*** Data listing ***
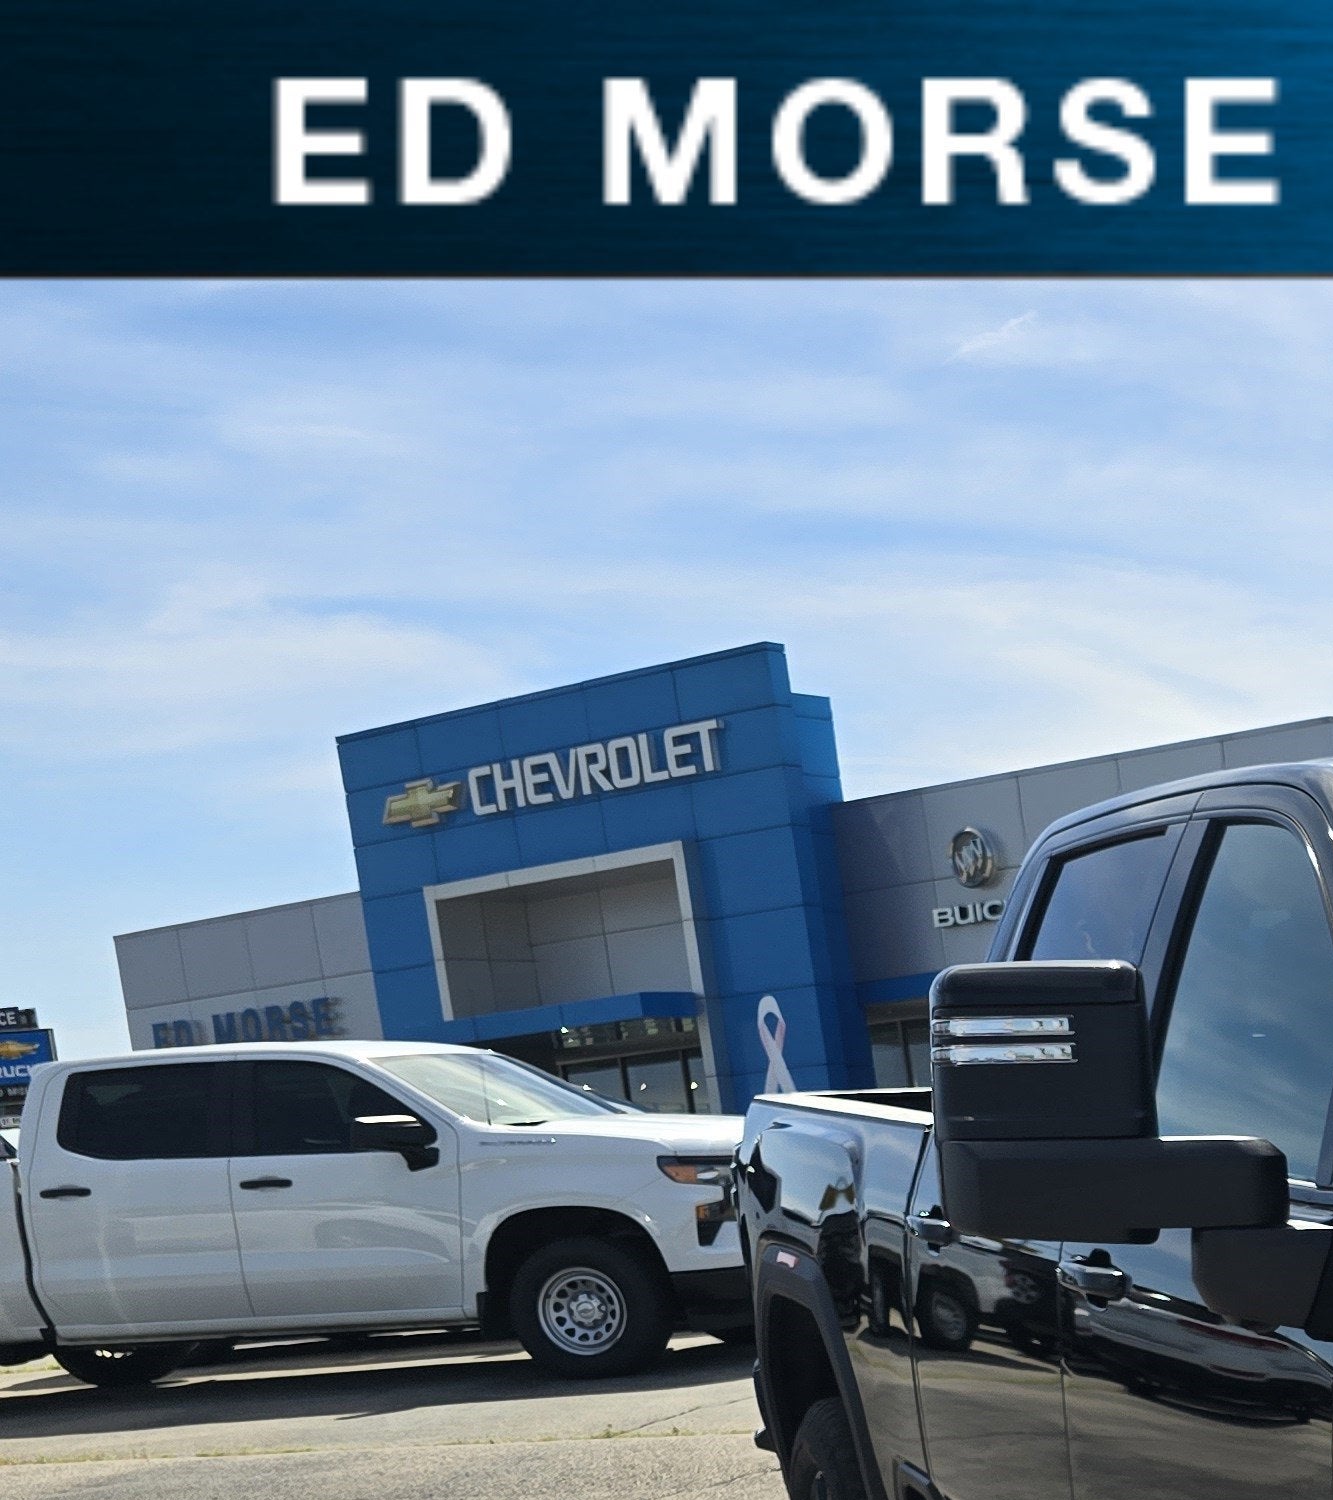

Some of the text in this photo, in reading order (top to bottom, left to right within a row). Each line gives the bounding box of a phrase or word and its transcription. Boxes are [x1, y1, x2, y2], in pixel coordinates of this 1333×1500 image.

[468, 719, 719, 816] CHEVROLET
[932, 899, 1005, 928] BUIC
[152, 997, 332, 1048] ED MORSE
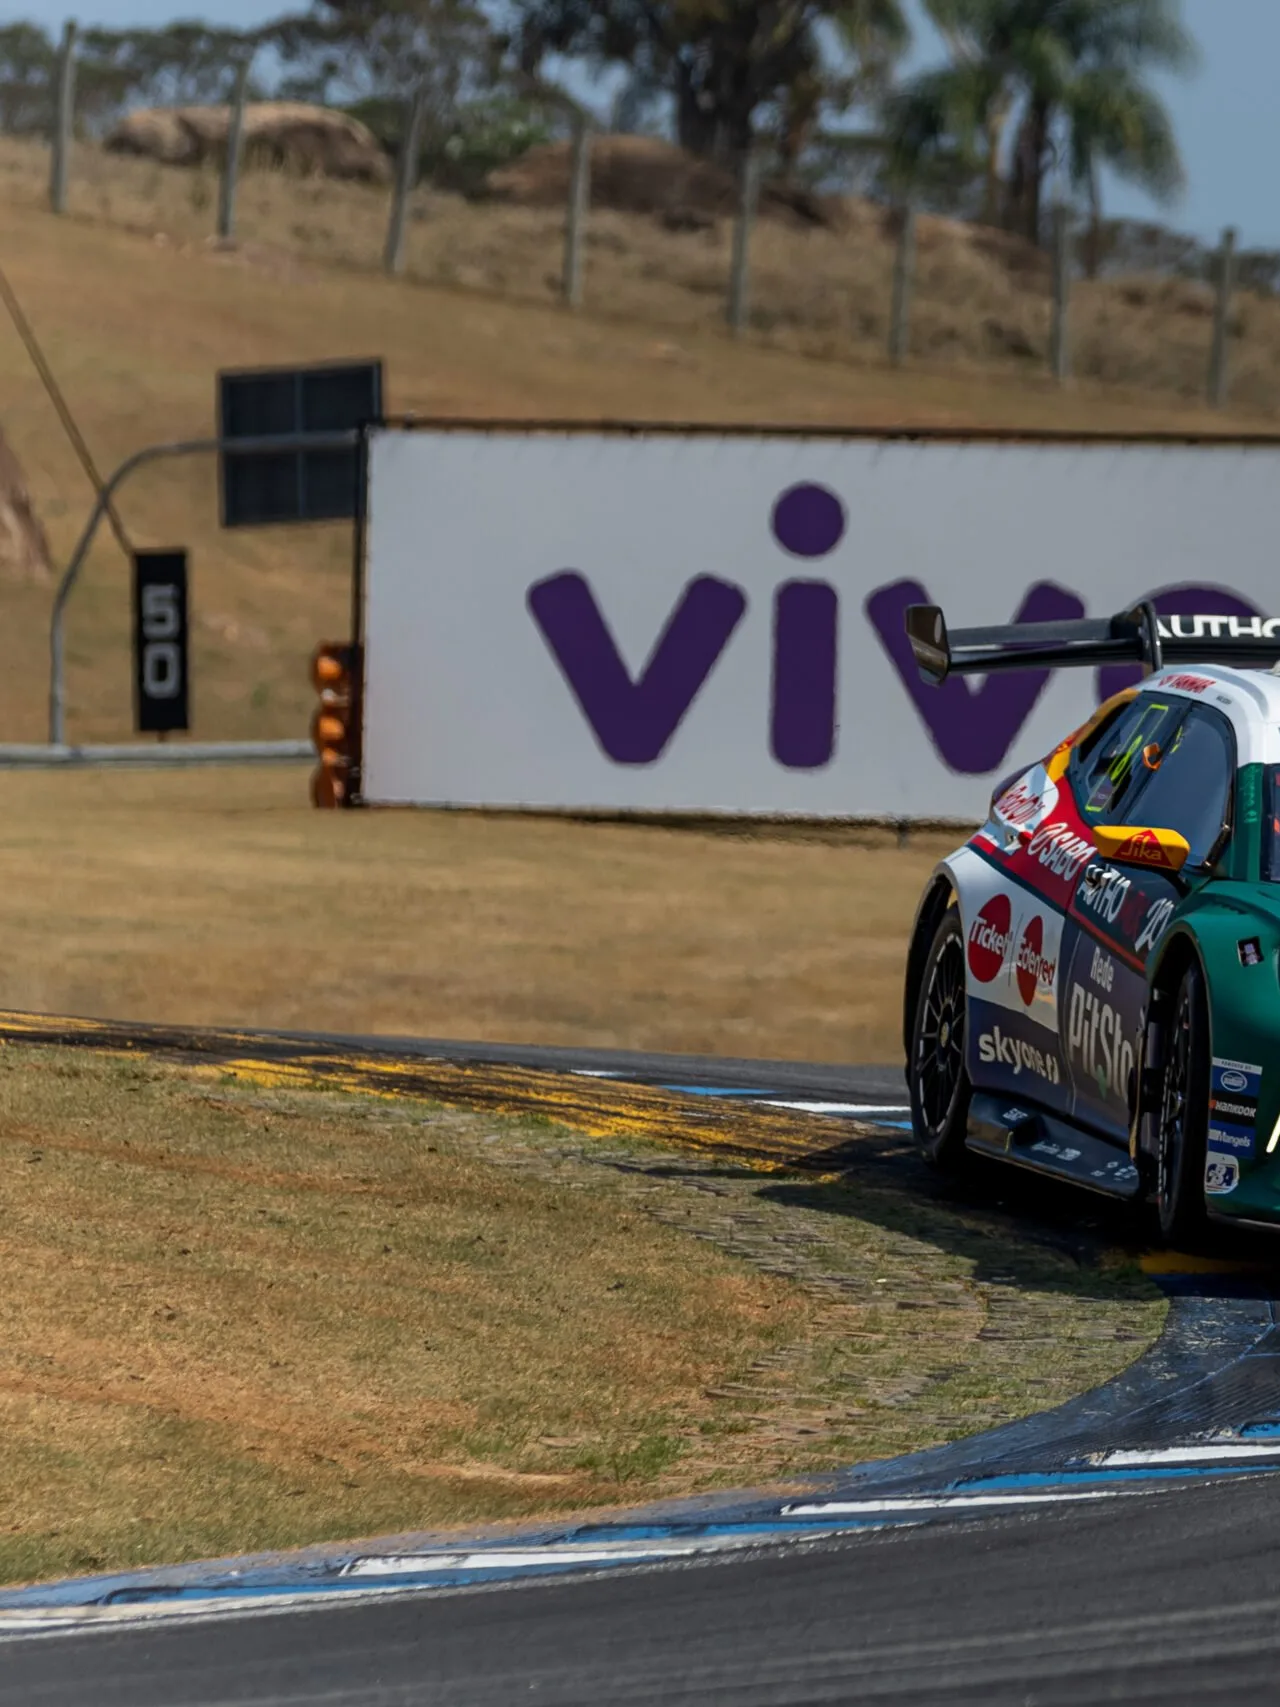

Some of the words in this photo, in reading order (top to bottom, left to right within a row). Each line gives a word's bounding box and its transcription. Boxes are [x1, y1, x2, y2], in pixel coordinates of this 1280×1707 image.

[142, 584, 181, 699] 50
[526, 481, 1265, 774] viv
[1119, 834, 1163, 862] Sika
[970, 917, 1013, 958] Ticket
[1016, 936, 1056, 987] Edenred
[1068, 982, 1139, 1105] PitSto
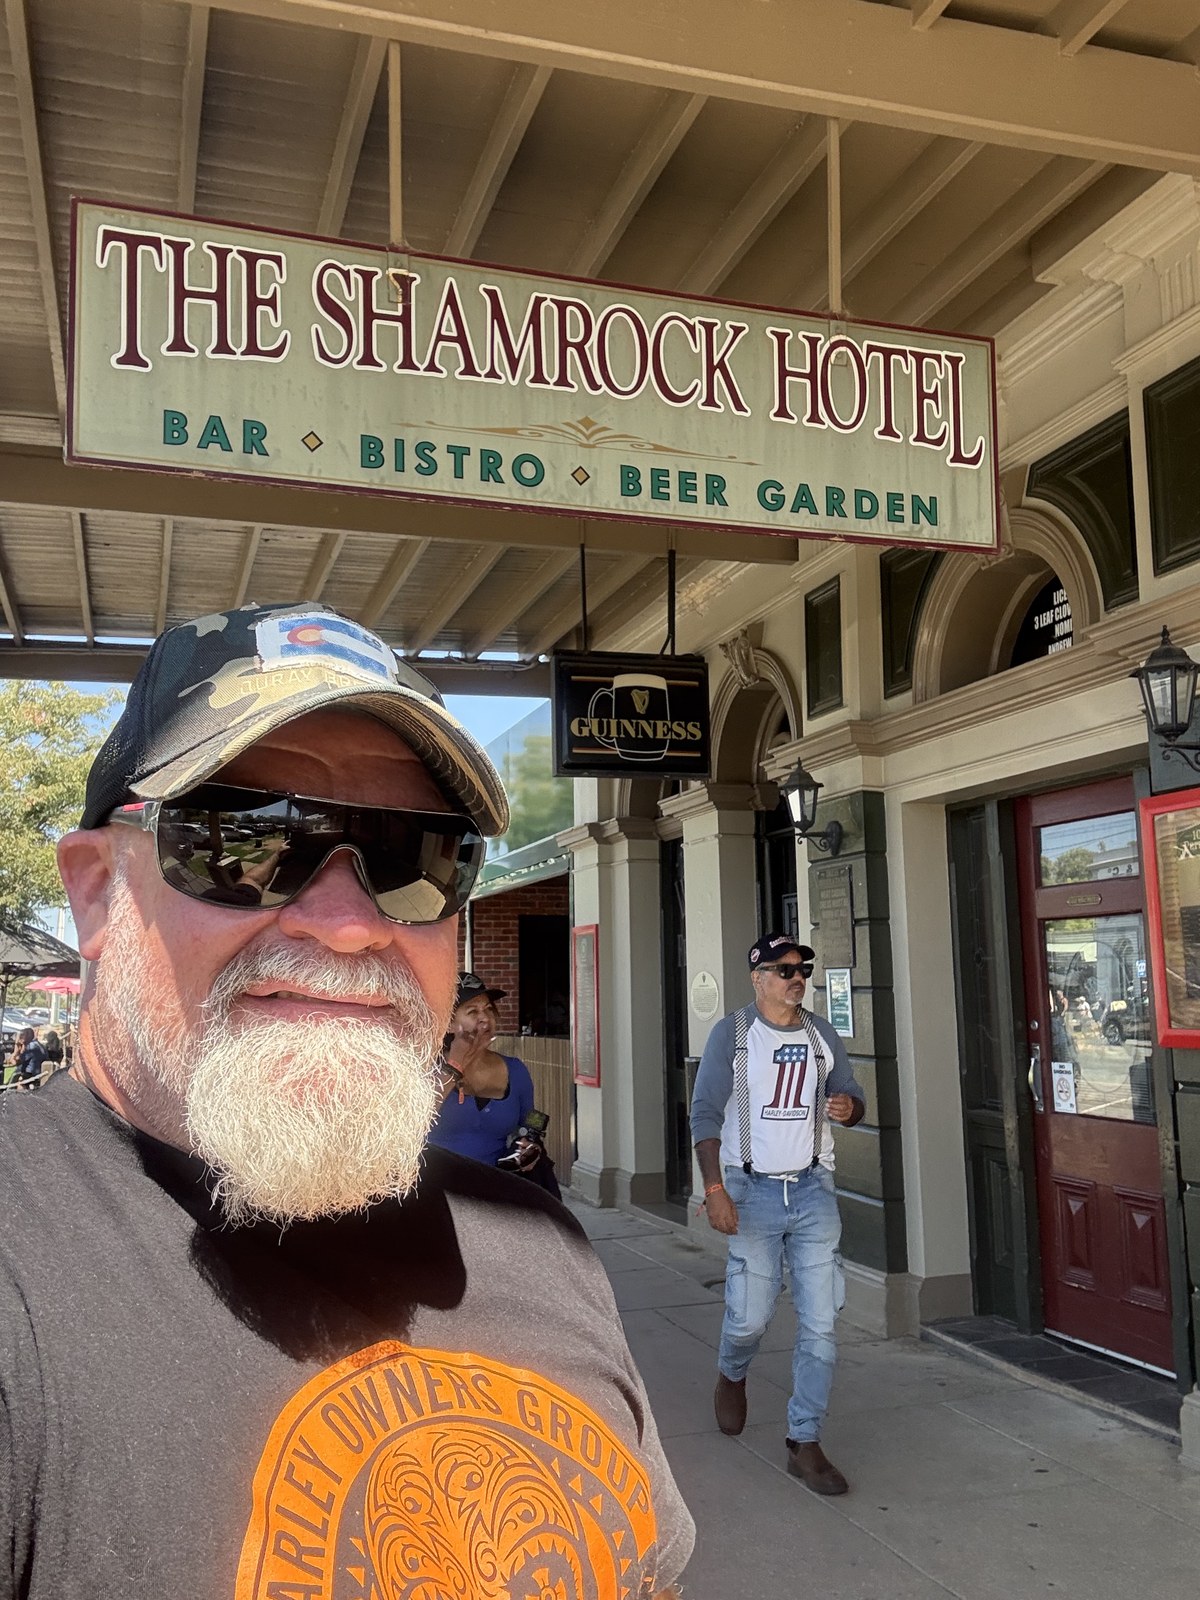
*** End of Data listing ***
> Task details: Give back exactly the lines from the line with "Some of the words" through the final line of the entries above, and keep pictures out of the copy.

> Result of this exercise:
Some of the words in this photo, in reading order (top to bottom, left to right within a row). Each line gives a word's bounding box and its transcription. Boxes are [x1, y1, x2, y2], in pixel coordinates of this 1280×1707 image.

[142, 584, 181, 699] 50
[526, 481, 1265, 774] viv
[1119, 834, 1163, 862] Sika
[970, 917, 1013, 958] Ticket
[1016, 936, 1056, 987] Edenred
[1068, 982, 1139, 1105] PitSto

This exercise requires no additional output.